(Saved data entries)

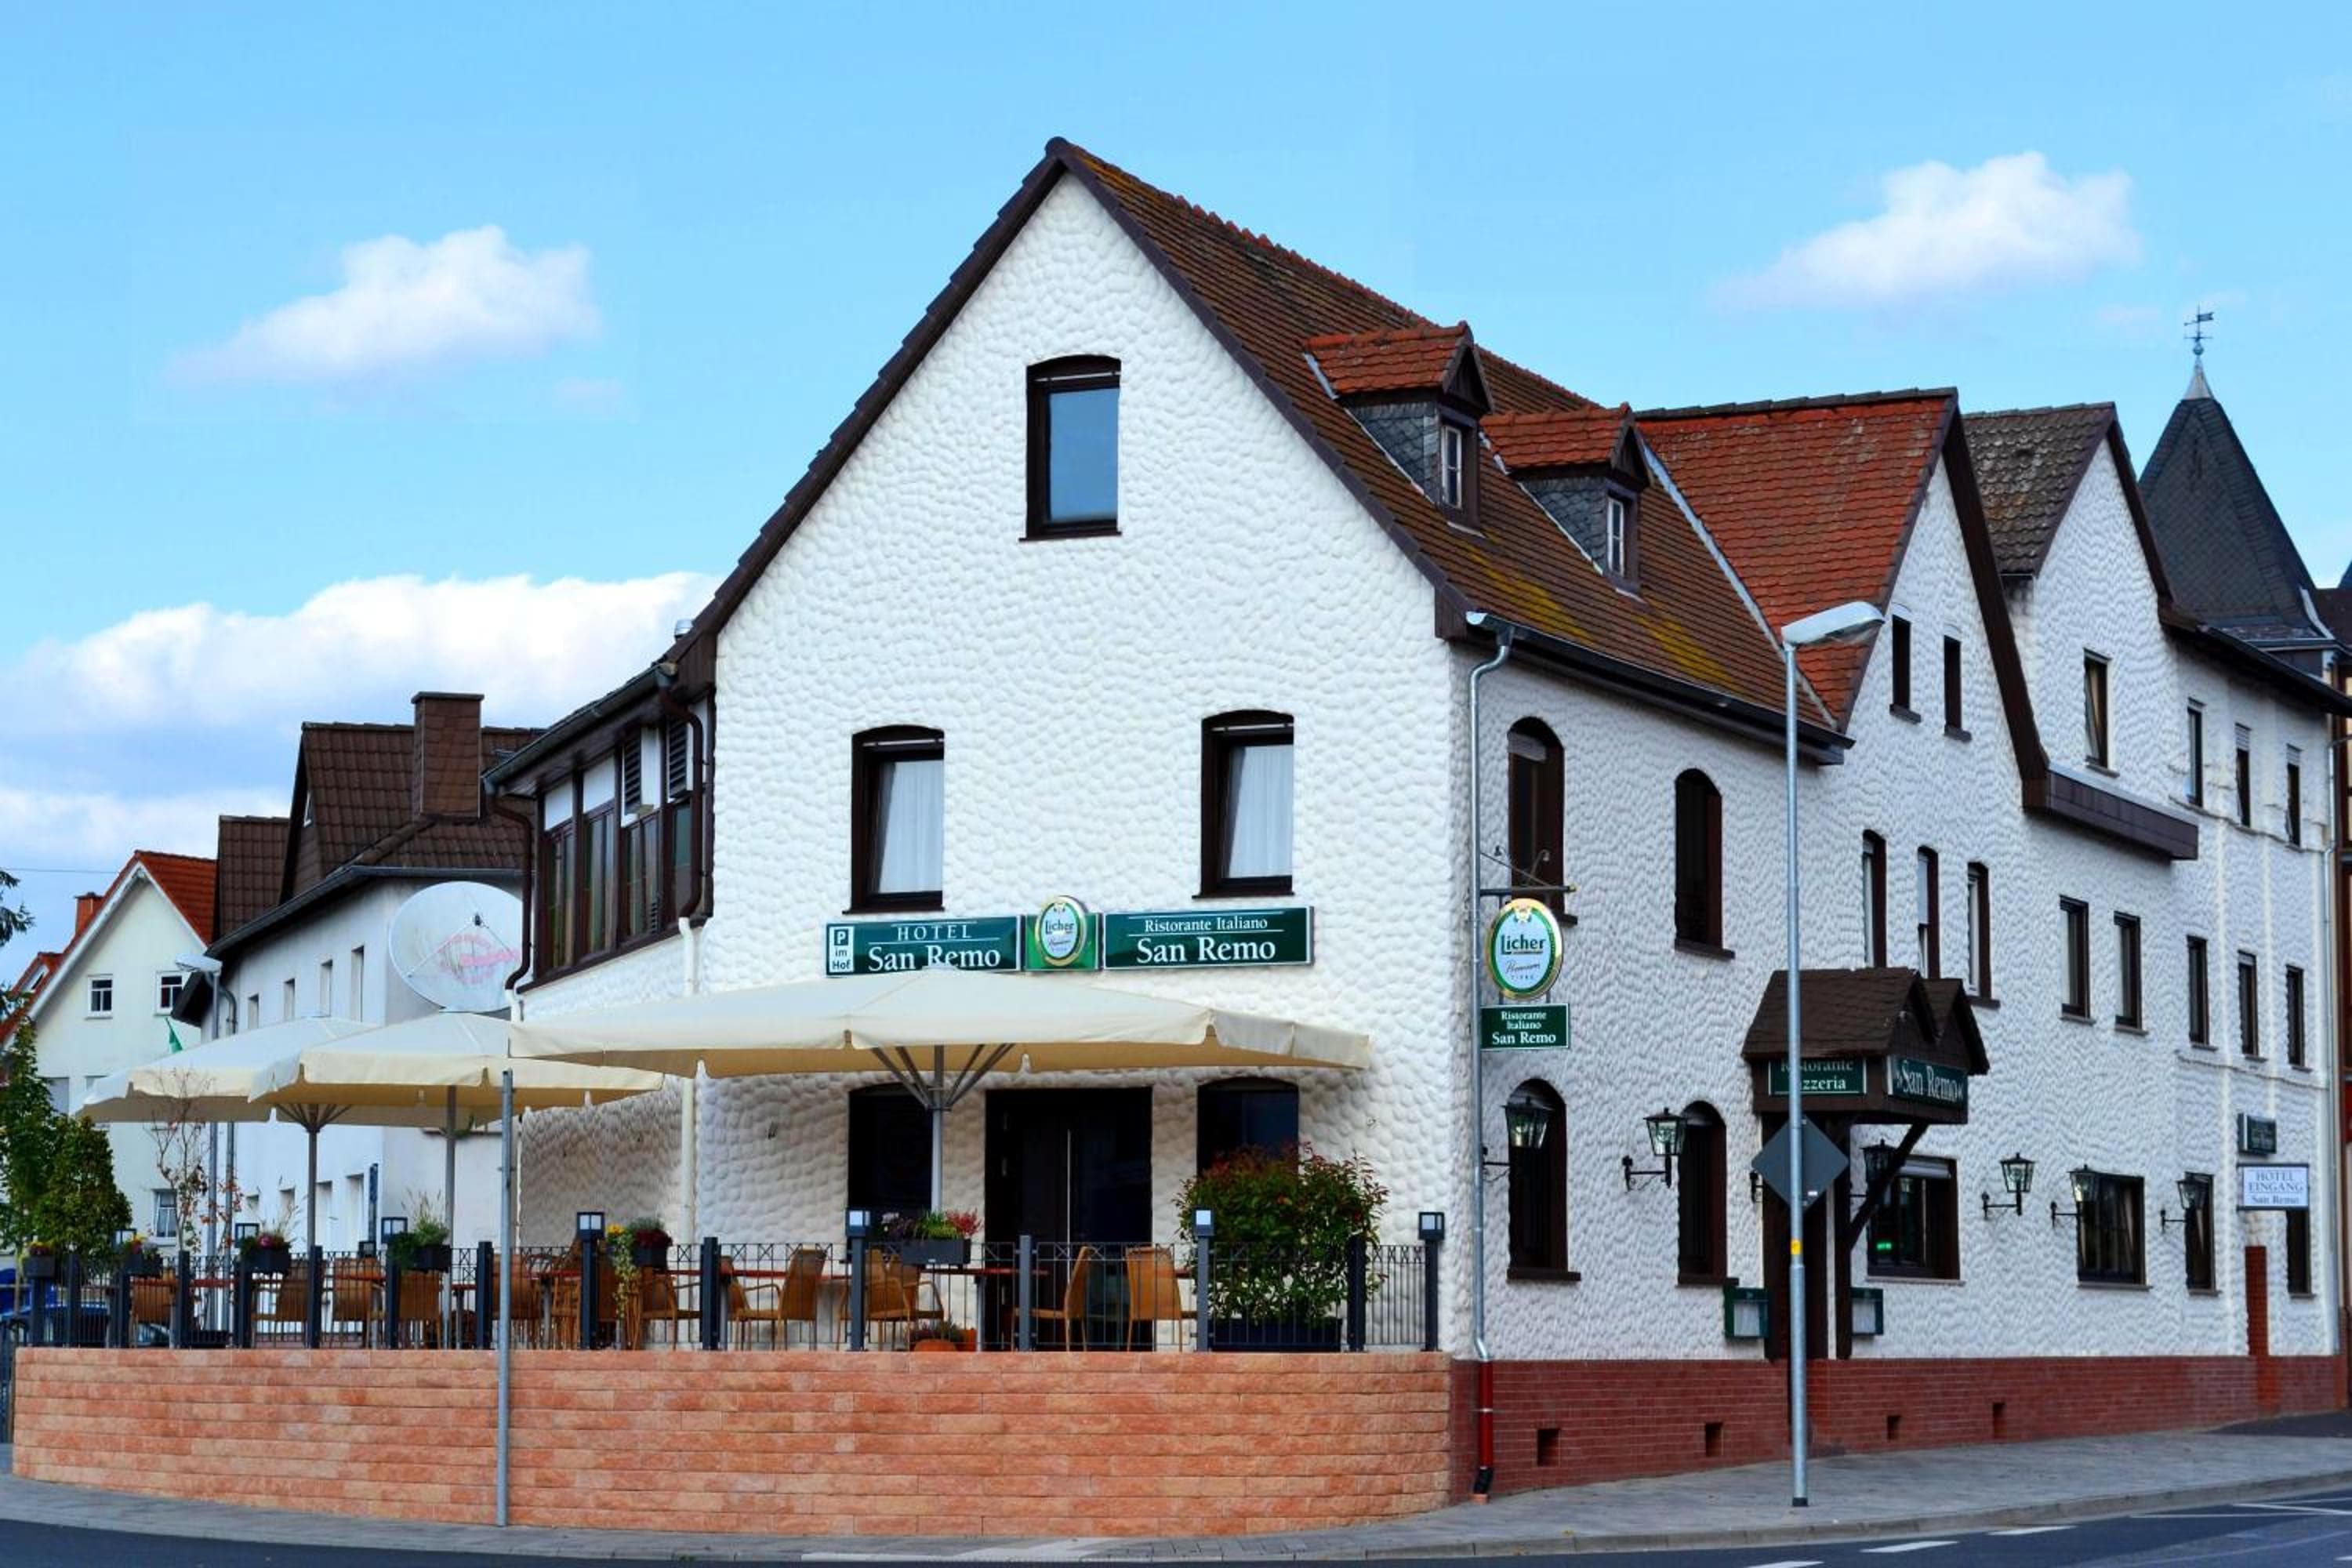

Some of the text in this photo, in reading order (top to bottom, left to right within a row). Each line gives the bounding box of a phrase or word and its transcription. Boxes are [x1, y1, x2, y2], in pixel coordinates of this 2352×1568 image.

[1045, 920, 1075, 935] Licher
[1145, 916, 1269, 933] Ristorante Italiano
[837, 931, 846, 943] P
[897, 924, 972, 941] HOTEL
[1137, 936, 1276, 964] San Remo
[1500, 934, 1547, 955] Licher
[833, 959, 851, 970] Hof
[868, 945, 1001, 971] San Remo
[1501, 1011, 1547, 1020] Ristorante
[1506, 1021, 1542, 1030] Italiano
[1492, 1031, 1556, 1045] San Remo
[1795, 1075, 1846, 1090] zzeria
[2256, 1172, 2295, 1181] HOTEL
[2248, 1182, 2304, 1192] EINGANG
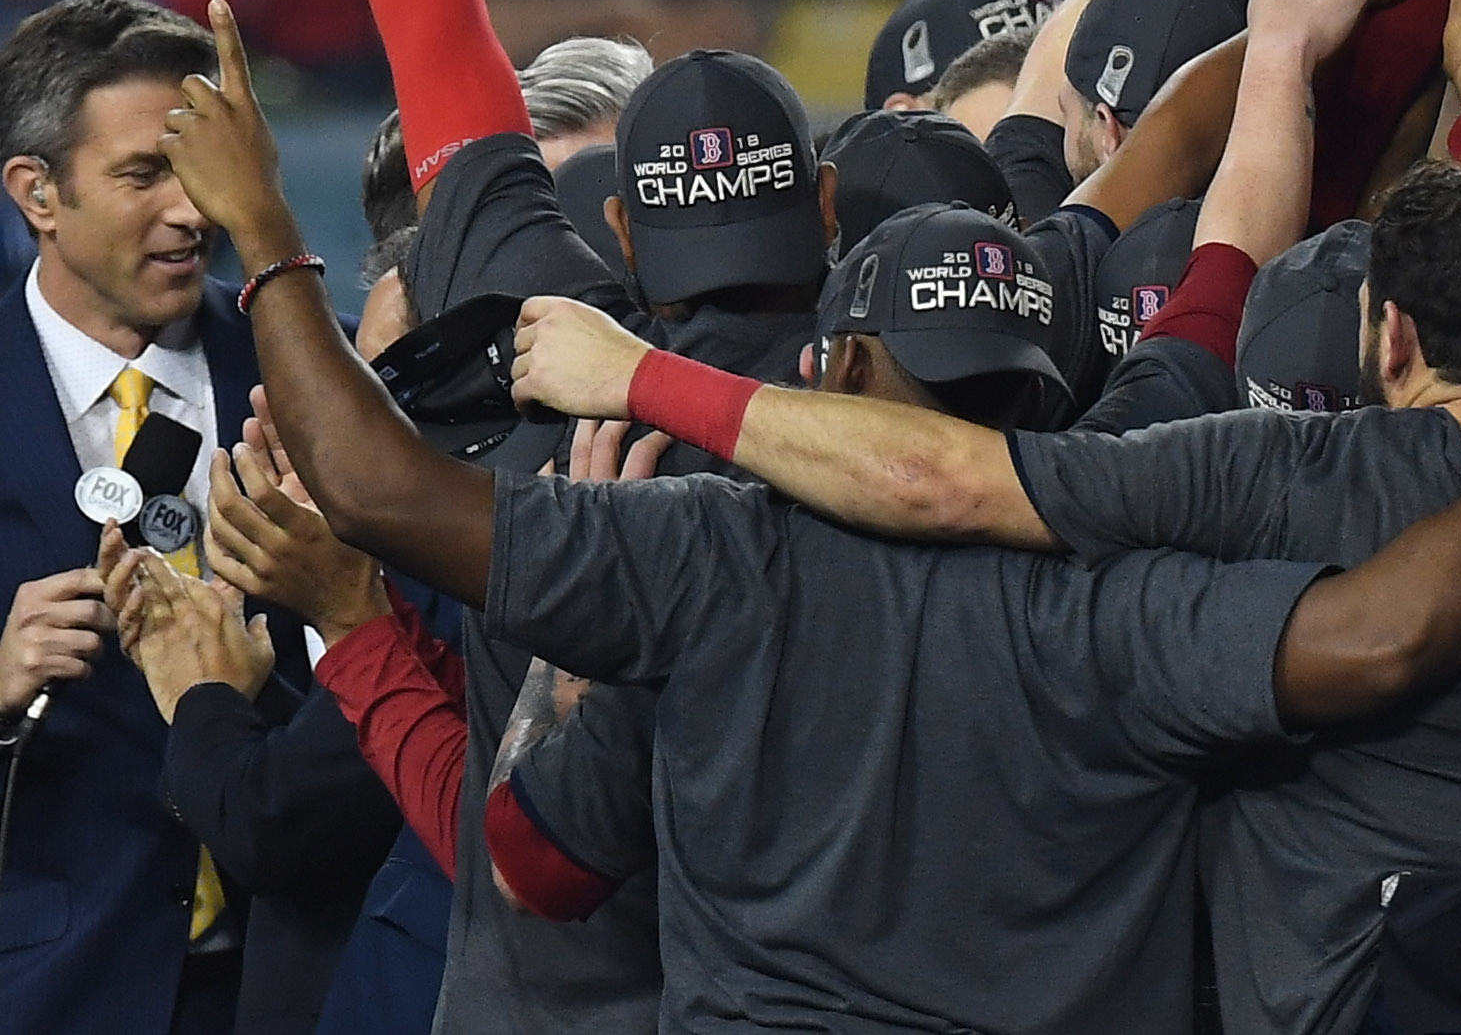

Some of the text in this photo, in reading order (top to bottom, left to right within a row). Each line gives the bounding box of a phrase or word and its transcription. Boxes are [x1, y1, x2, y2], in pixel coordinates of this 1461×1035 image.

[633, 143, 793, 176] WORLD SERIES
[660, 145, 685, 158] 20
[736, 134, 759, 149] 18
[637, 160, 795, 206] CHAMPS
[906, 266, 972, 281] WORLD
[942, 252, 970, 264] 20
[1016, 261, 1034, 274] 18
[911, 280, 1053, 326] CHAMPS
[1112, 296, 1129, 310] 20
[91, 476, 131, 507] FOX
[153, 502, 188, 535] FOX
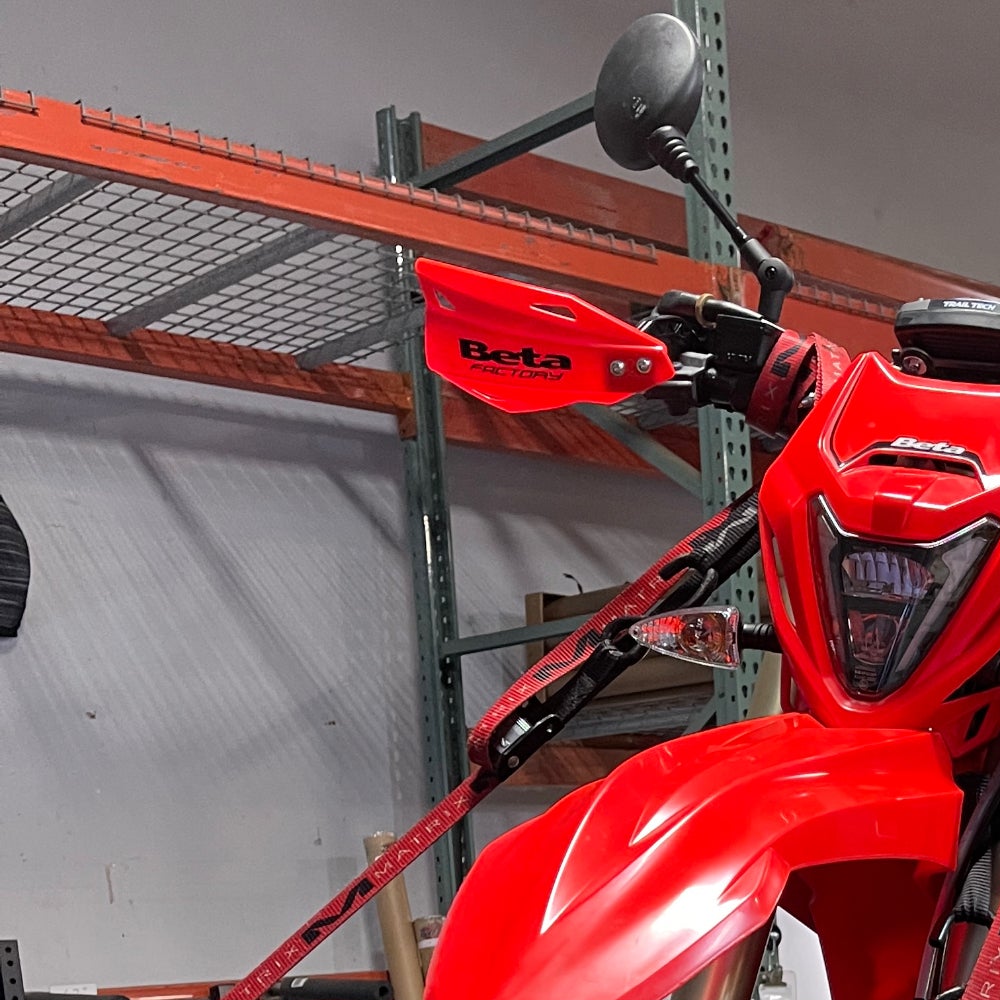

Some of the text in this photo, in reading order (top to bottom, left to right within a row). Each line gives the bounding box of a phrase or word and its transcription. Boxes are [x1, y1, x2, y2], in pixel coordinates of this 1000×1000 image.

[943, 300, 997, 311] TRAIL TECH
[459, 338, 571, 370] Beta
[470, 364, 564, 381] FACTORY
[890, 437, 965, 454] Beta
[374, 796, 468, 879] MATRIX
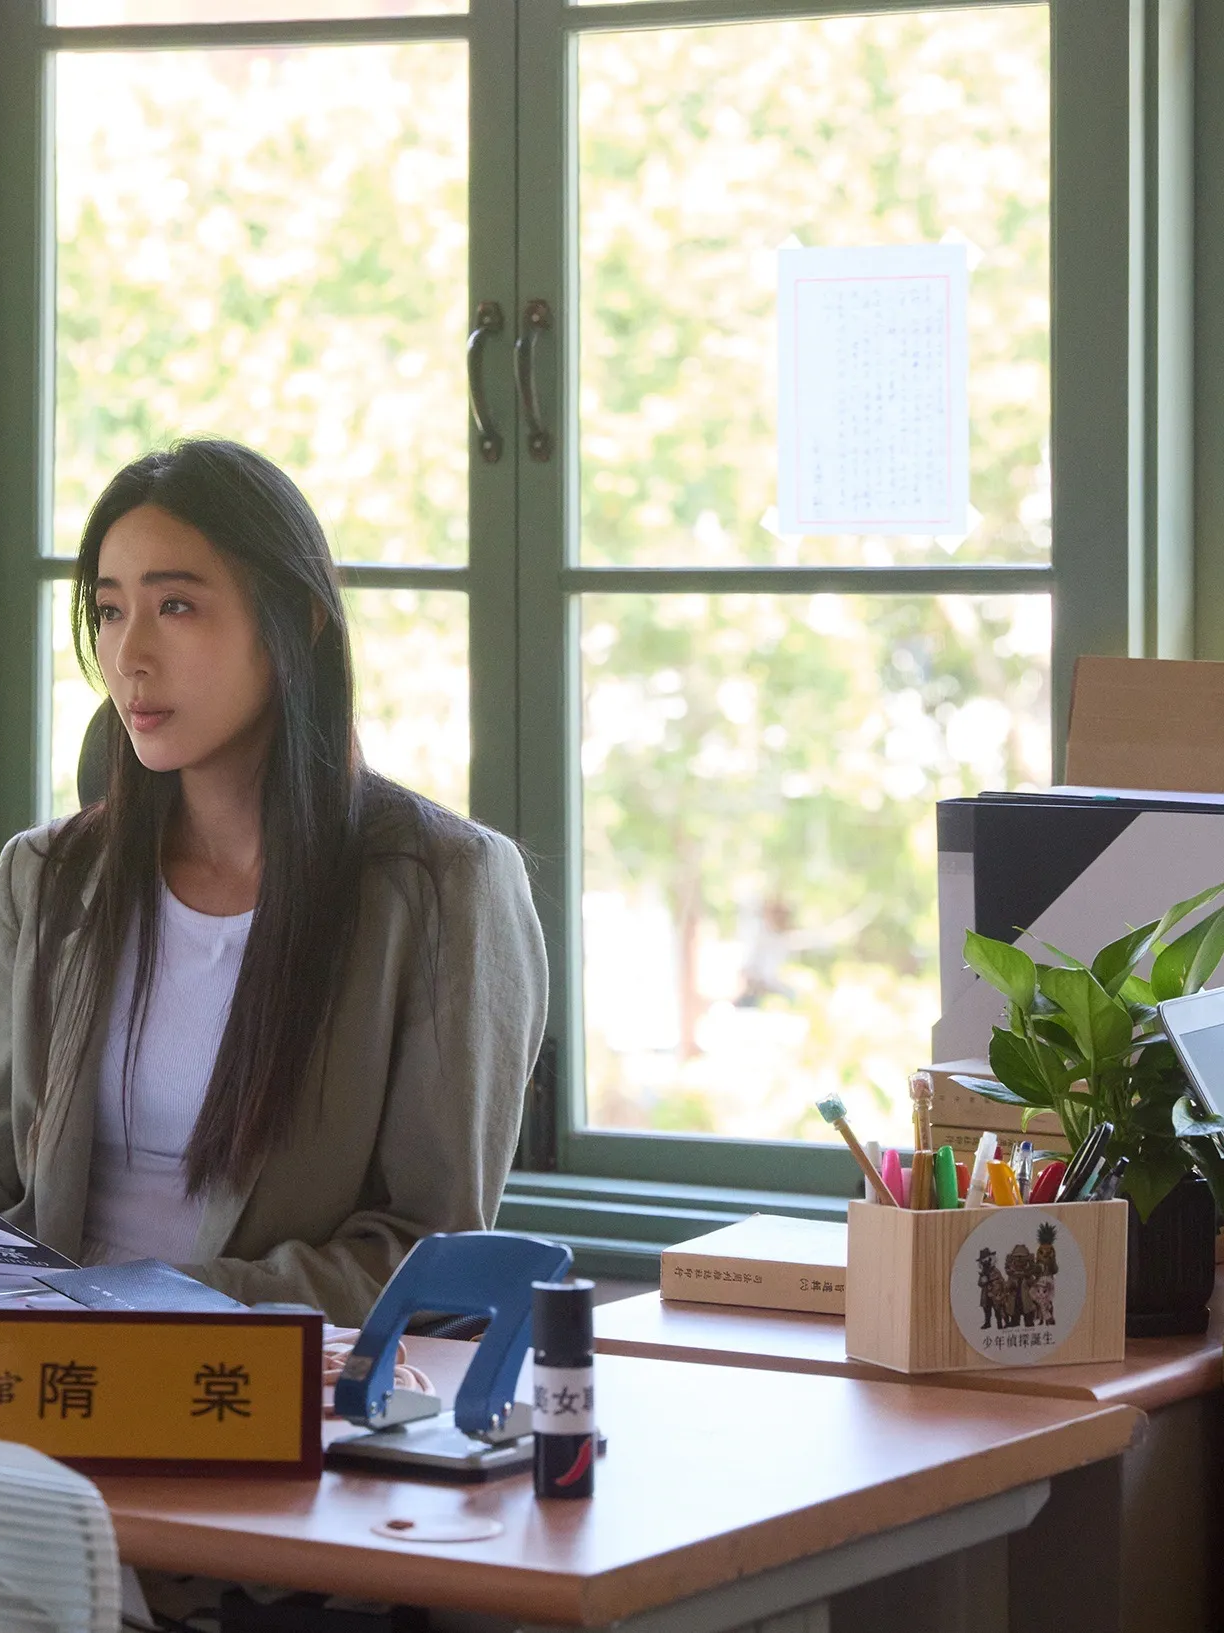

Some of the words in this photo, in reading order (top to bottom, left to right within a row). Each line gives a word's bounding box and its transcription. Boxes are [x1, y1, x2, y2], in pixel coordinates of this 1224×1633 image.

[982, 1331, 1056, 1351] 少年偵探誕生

▶ WHAT IS BEING ASKED:
One exact copy of the data, no pictures: write it out line for line.

▶ RESPONSE BOX:
Some of the text in this photo, in reading order (top to bottom, left to right within a row). Each line gives the bounding box of a phrase or word and its transcription. Boxes are [x1, y1, x2, y2], in pixel coordinates of this 2352×1568 image.

[1045, 920, 1075, 935] Licher
[1145, 916, 1269, 933] Ristorante Italiano
[837, 931, 846, 943] P
[897, 924, 972, 941] HOTEL
[1137, 936, 1276, 964] San Remo
[1500, 934, 1547, 955] Licher
[833, 959, 851, 970] Hof
[868, 945, 1001, 971] San Remo
[1501, 1011, 1547, 1020] Ristorante
[1506, 1021, 1542, 1030] Italiano
[1492, 1031, 1556, 1045] San Remo
[1795, 1075, 1846, 1090] zzeria
[2256, 1172, 2295, 1181] HOTEL
[2248, 1182, 2304, 1192] EINGANG

Some of the text in this photo, in reading order (top to bottom, left to right within a row). Each line gives the bounding box of a phrase or word and its transcription. Boxes are [x1, y1, x2, y2], in pixel coordinates of this 1461×1035 image.

[633, 143, 793, 176] WORLD SERIES
[660, 145, 685, 158] 20
[736, 134, 759, 149] 18
[637, 160, 795, 206] CHAMPS
[906, 266, 972, 281] WORLD
[942, 252, 970, 264] 20
[1016, 261, 1034, 274] 18
[911, 280, 1053, 326] CHAMPS
[1112, 296, 1129, 310] 20
[91, 476, 131, 507] FOX
[153, 502, 188, 535] FOX

Some of the text in this photo, in reading order (top to bottom, left to right within a row). Each line gives the bounding box of a phrase or word and its transcription. Boxes are [x1, y1, x2, y2], in pixel coordinates of this 1000×1000 image.

[943, 300, 997, 311] TRAIL TECH
[459, 338, 571, 370] Beta
[470, 364, 564, 381] FACTORY
[890, 437, 965, 454] Beta
[374, 796, 468, 879] MATRIX

Some of the words in this photo, in reading order (top to bottom, left to right within a row). Each line gives a word's bounding box and its transcription. Boxes are [x1, y1, x2, y2], in pixel coordinates of this 1224×1633 image.

[982, 1331, 1056, 1351] 少年偵探誕生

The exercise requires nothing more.